The gens Rád, as one of the most outstanding families, belonged to the aristocracy in the 11th and 12th centuries. However, since this period is poorly documented, the clan's early history can only be outlined in a fragmentary manner. The kinship possessed the lands around the village Rád (present-day Rádpuszta, a borough of Balatonlelle) which lay south of Balatonszemes. It was named after Radi (Rád), the son of Vecellin, after which the entire clan was subsequently named. They also possessed the surrounding villages, including Tard (today a borough of Somogybabod), Visz and Viszló (which possibly preserved a variant of Vecellin's name). Throughout the century, the genus acquired landholdings also in Bodrog, Zala and Borsod counties, and also in Slavonia (primarily in Požega County).

If the reconstruction of Vecellin's family tree is correct, his grandson was that Martin, who fought against the Germans during the siege of Pressburg (present-day Bratislava, Slovakia) in 1052 and also appeared among the testimonies with the title of comes in the establishing charter of the abbey of Tihany in 1055. His son, Opos the Brave – himself a subject of a lost epic poem – was an outstanding soldier in the 1060s–1070; as a supporter of King Solomon, he took part in numerous royal campaigns and fought against the armies of Géza and Ladislaus. His affiliation did not hinder the family's influence: the cleric Koppány served as a royal chaplain in the court of Ladislaus I at least since the early 1090s. Historians Ubul Kállay and Bálint Hóman considered his person as author of the Gesta Ladislai regis. He elevated into a bishopric by the reign of Coloman. He was killed during the campaign against the Cumans in Kievan Rus' in 1099. The names of Miska's sons (Koppány and Martin) illustrated the reconciliation of former antagonisms and their fusion into a fortunate synthesis (the hagiography of Saint Stephen atrributes an important role to Martin of Tours in the defeat of Duke Koppány).

- Family tree

- Vecellin (fl. 997–998)
  - Radi
    - Miska
      - Koppány (fl. c. 1090–1099†)
      - Martin
    - Martin (fl. 1052–1055?)
      - Opos (fl. 1067–1074)

In the case of some individuals from the 12th century, it is probable that they were members of the Rád clan. Among them was Andrew, who served as provost of the cathedral chapter of Veszprém but later retired and joined the Benedictines as a hermit sometime during the reign of Béla II (r. 1131–1141). He donated three dozen servants of three villages, Órád, Besen and Karád in Somogy County (all belonged to the lordship of Rád), in addition to three vineyards in Rád, to the Pannonhalma Abbey, which donation was confirmed by King Béla II. Another member of the kindred, lady Színes (Scines) was the first noblewoman in Hungary, whose last will and testament is preserved from 1146. She was the wife of a certain Henry, who himself was the brother of Abbot David of Pannonhalma.
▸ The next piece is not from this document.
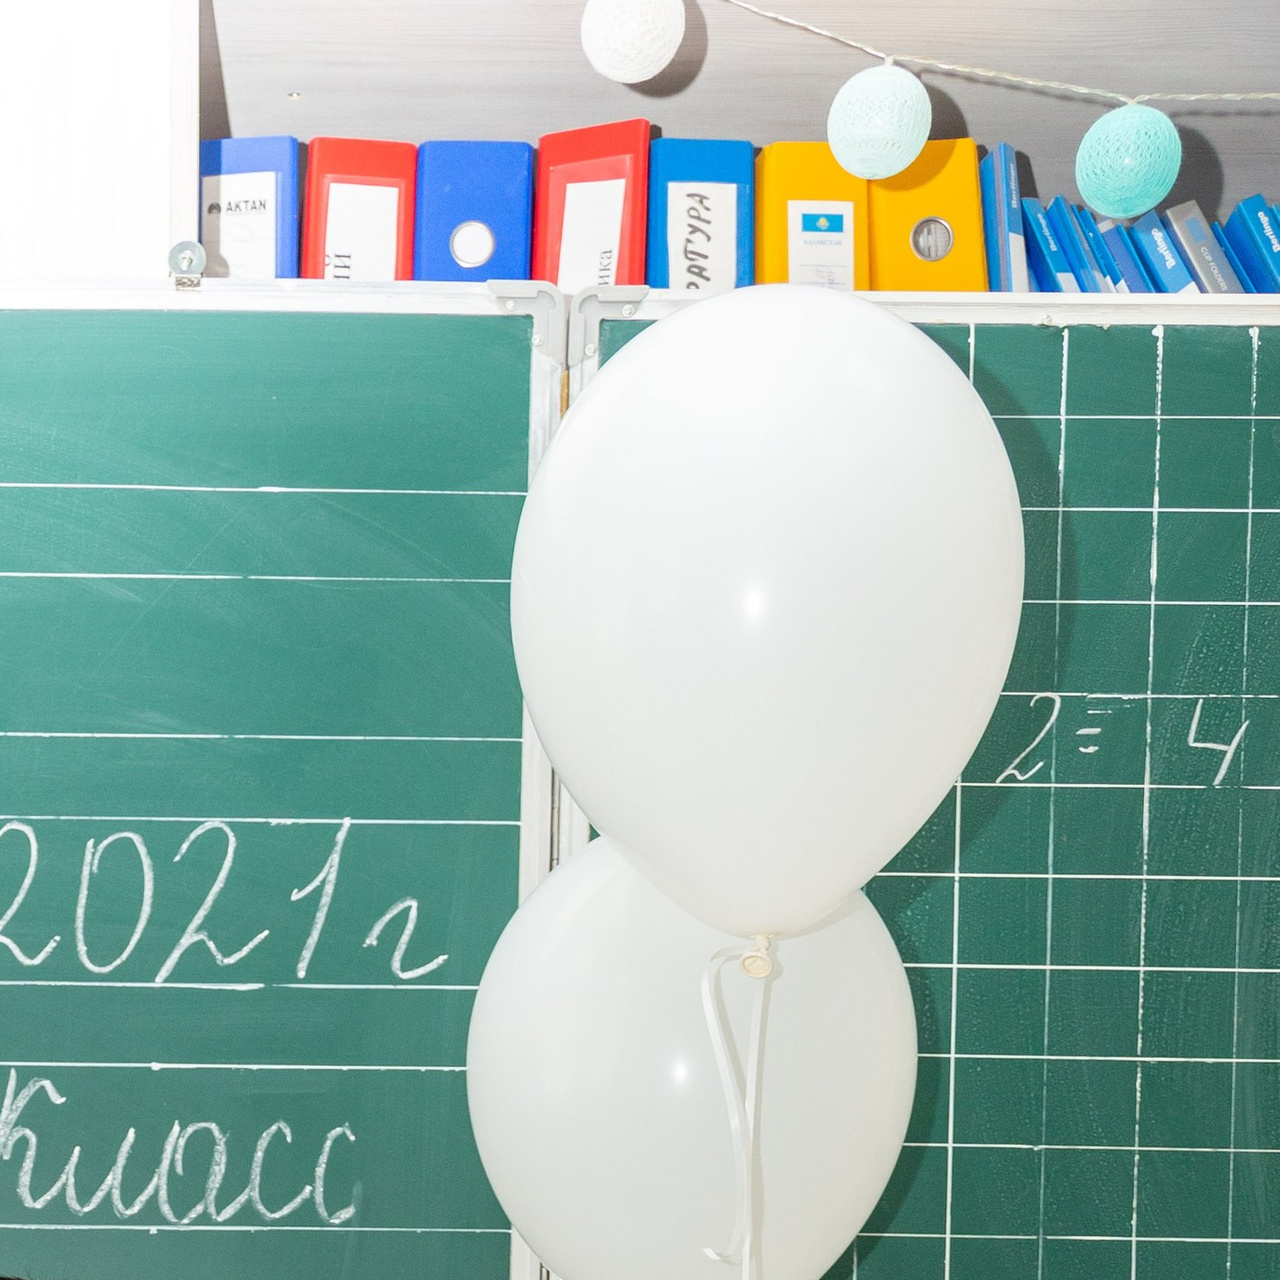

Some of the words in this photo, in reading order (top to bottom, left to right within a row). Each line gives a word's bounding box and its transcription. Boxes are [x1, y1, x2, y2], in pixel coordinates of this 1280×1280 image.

[226, 199, 266, 212] AKTAN
[1150, 227, 1176, 270] Berlingo
[1186, 697, 1251, 786] 4
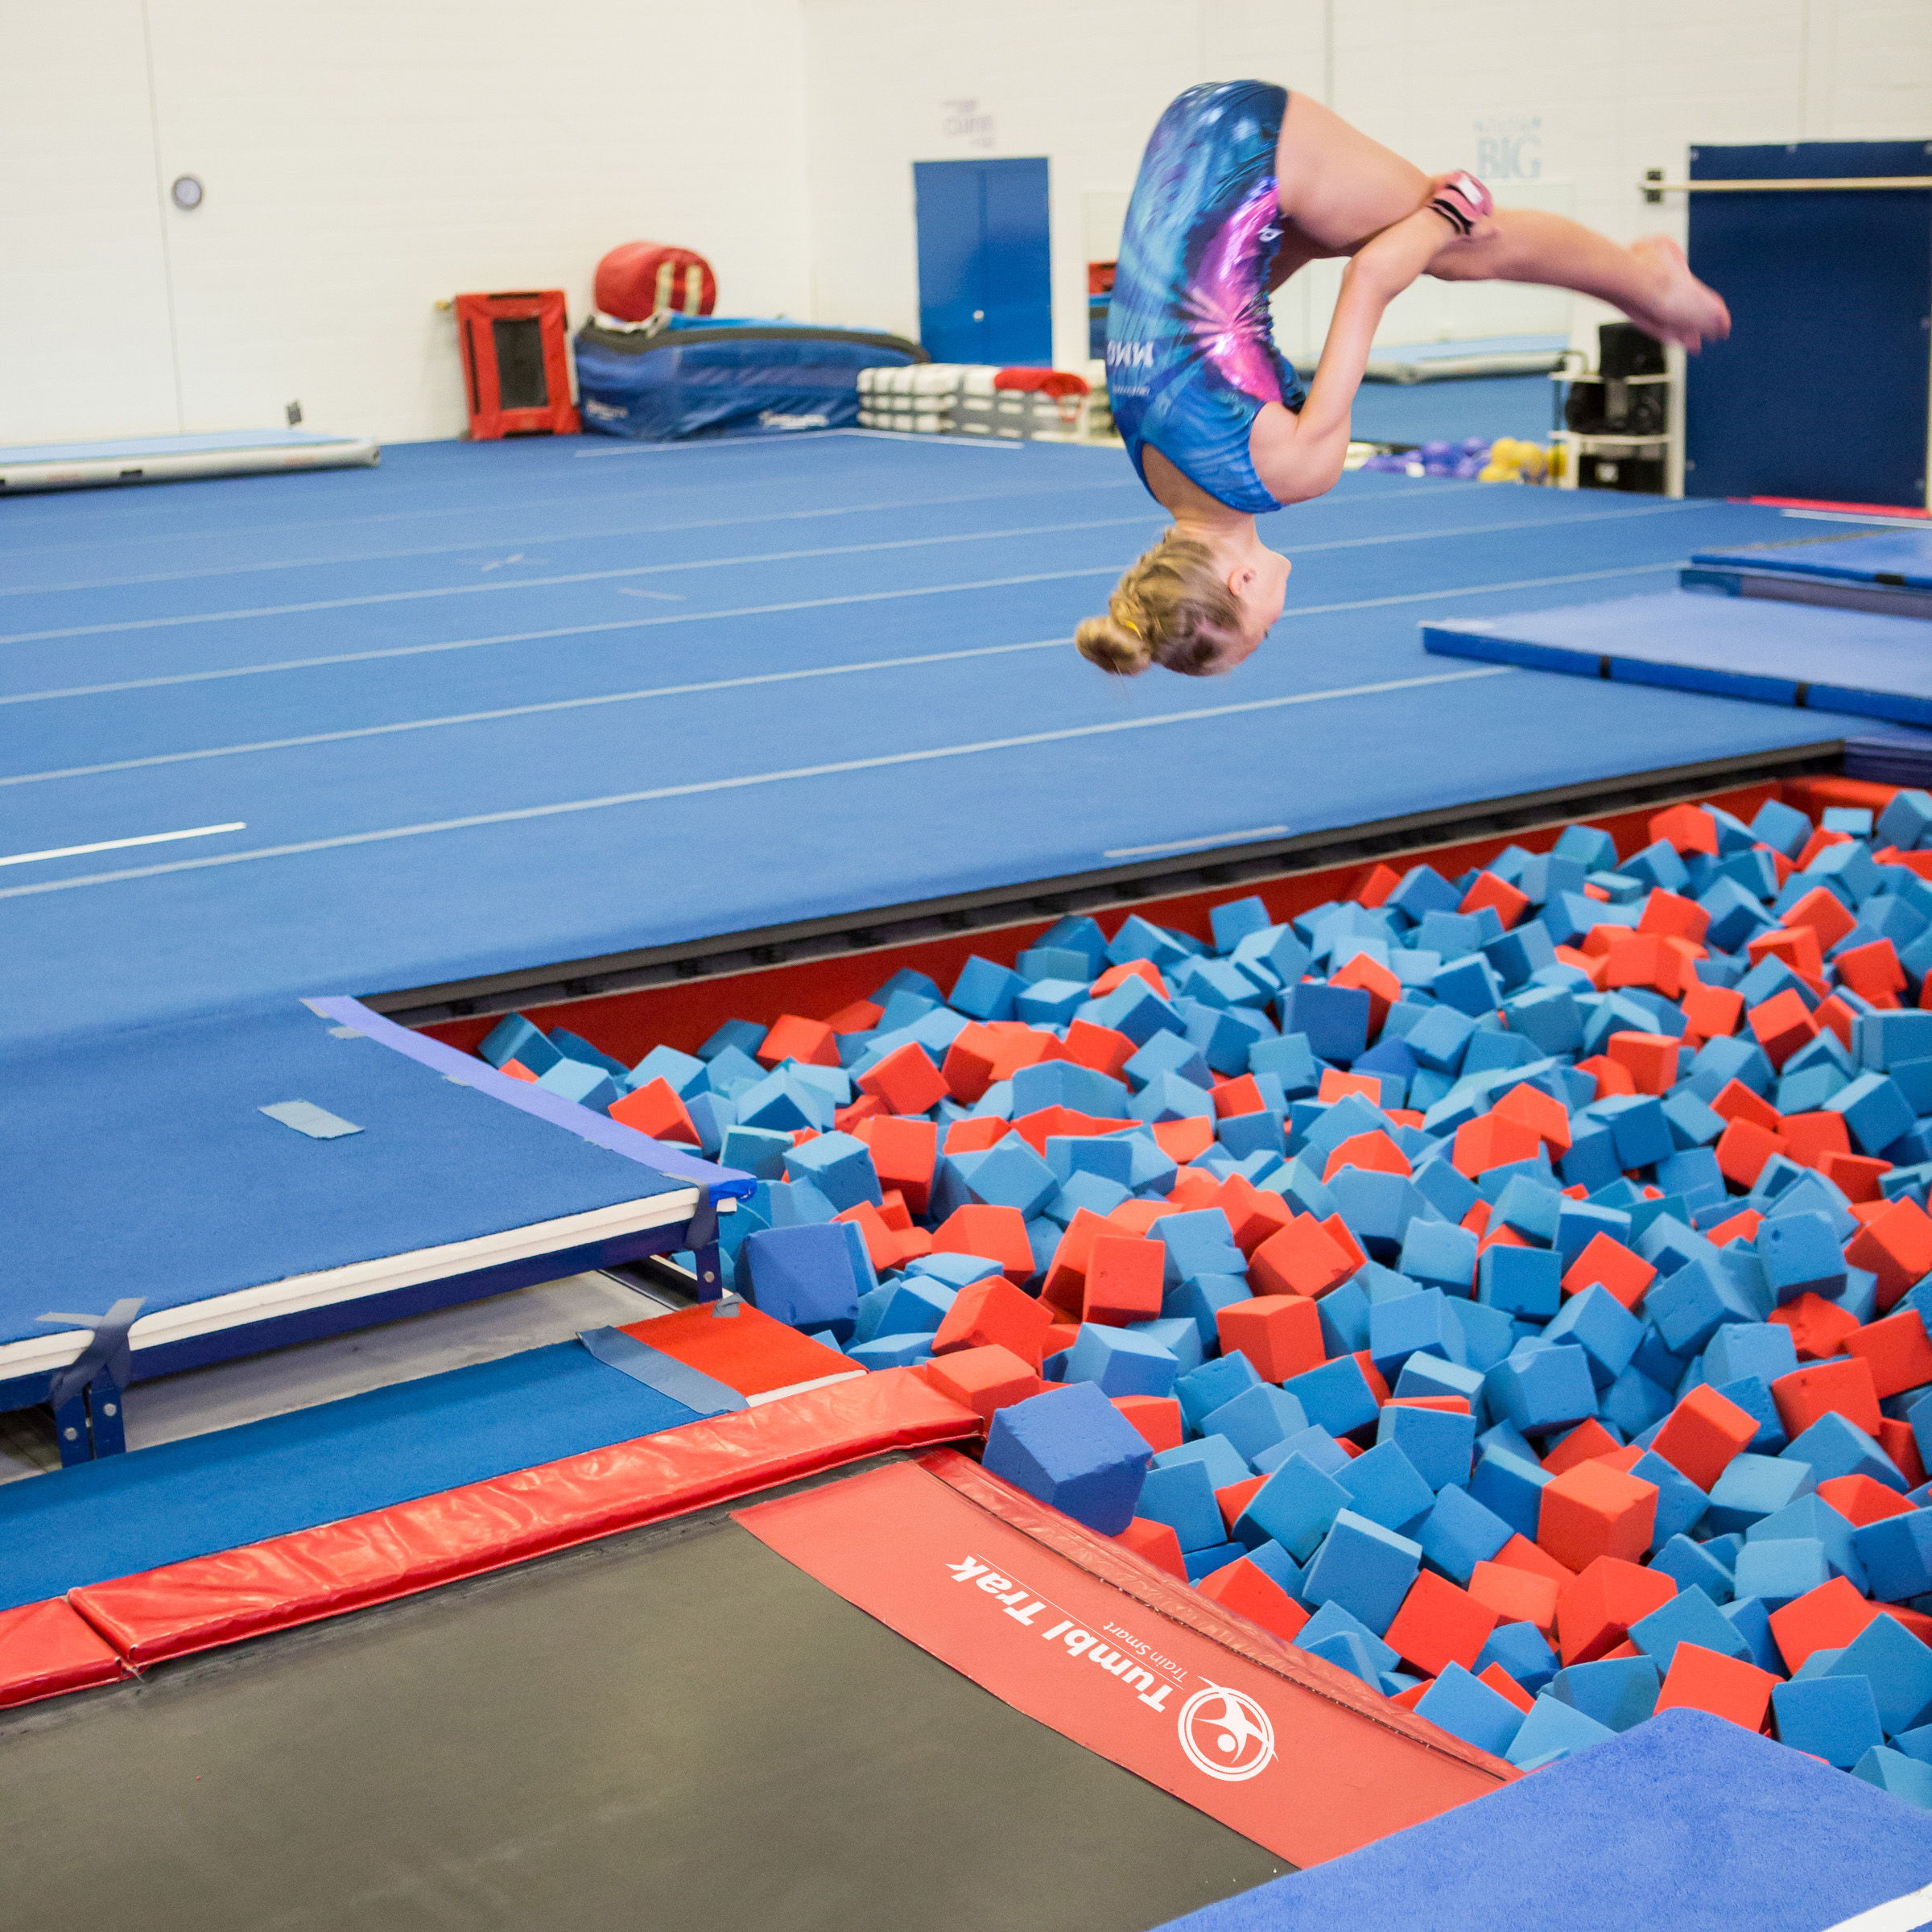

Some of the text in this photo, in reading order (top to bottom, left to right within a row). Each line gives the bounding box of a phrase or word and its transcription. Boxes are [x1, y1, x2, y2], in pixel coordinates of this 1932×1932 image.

In the document, she referred to her relatives and friends as "the elite of the realm", which indicates the high social position of the Rád clan. Being childless, Színes bequeathed her estate Kutas with its accessories in the village Rád (meadows, pastures, vineyards, mansions and serfs) to the Pannonhalma Abbey, with the consent of King Géza II. The document clearly defined the nature of the servants' service, as well as the privileges and obligations of the hospites in the estate.

The ruins of the church in Rádpuszta, erected by the Ráds in the mid-12th century

Despite their influence and wealth, there is no record or trace of that the Ráds erected any Benedictine monasteries in the area, perhaps because the Székesfehérvár Chapter and the Pannonhalma Abbey – which also held portions in the vicinity of Rád – served their spiritual needs. The Rád clan maintained a close relationship with the Benedictines of Pannonhalma throughout. Their lands paid the tithes to them, instead of the Diocese of Veszprém. In their eponymous seat Rád, they erected a parish church, whose ruins have survived. Archaeologist Kálmán Magyar considered the church to be of early origin – a Benedictine church under the patronage of Vecellin and his descendants. István Éri, who carried out the excavation and preservation work, dated the construction of the church to the mid-12th century. The church was later, in the early 13th century, extended westward with a wider nave, featuring a gallery supported by two piers and a tower erected above it. Buttresses were subsequently added to the corners of the new nave, a measure necessitated by its vaulting. Finally, in the late 15th or early 16th century, a sacristy equal in length to the early nave was built along its northern side.

During the conflict between King Emeric and his younger brother Andrew, a significant battle took place in the valley of Rád near Lake Balaton, since it lay along the military route in Transdanubia, in the summer of 1199, where the Ráds' possessions were located. There, the royal troops routed Andrew's army; the duke had fled to Austria. During this period, changes occurred in the social order — driven primarily by the rise of the landed aristocracy — with which the Rád clan could no longer keep pace; by the first decades of the 13th century, the clan had become impoverished and lost its significance.

===Decline===
It is not always possible to determine the kinship ties between individuals from the 13th century. The fact that various individuals are mentioned in contemporary documents in connection with the sale of estates is a sign of impoverishment. Heym (II), Paul and Denis – the sons of Heym (I) – handed over their 30 iugus of their estate in Rád, along with vineyards and meadows, to the Pannonhalma Abbey in 1255. Radi, son of Emeric sold his portion in Tard to the defendant from Somogy County during a lost lawsuit in 1257. This Radi, along with Cornelius (son of Lucas) and Cornelius' son Conrad (Korlát), "following the example of their ancestors", bequeathed their whole estate Tard with its church to the Benedictines of Pannonhalma in 1261, in exchange for the financial support received from the monastery, and for the salvation of their own souls and those of their ancestors. Another member Ampudin acted as an arbiter in a lawsuit took place in Csicsal around 1270. A late member of the local branch, Mark rented some of the abbey's estates in Rád in 1318, which indicates that his own estates yielded negligible profit. His descendants, known as the Rádi family, followed the same method in the upcoming decades.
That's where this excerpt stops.